**What to do**
Each entry below must appear in the answer exactly as written.

**Data**
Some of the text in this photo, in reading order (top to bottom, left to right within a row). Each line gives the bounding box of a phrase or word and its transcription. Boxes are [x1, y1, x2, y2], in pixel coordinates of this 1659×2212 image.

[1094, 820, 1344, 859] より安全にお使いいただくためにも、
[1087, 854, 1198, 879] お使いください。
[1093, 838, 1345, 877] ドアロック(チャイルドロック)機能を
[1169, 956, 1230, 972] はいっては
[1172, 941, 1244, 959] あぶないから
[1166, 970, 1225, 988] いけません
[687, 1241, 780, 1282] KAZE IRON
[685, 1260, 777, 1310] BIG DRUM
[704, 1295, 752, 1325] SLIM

**Exercise response**
Some of the text in this photo, in reading order (top to bottom, left to right within a row). Each line gives the bounding box of a phrase or word and its transcription. Boxes are [x1, y1, x2, y2], in pixel coordinates of this 1659×2212 image.

[1094, 820, 1344, 859] より安全にお使いいただくためにも、
[1087, 854, 1198, 879] お使いください。
[1093, 838, 1345, 877] ドアロック(チャイルドロック)機能を
[1169, 956, 1230, 972] はいっては
[1172, 941, 1244, 959] あぶないから
[1166, 970, 1225, 988] いけません
[687, 1241, 780, 1282] KAZE IRON
[685, 1260, 777, 1310] BIG DRUM
[704, 1295, 752, 1325] SLIM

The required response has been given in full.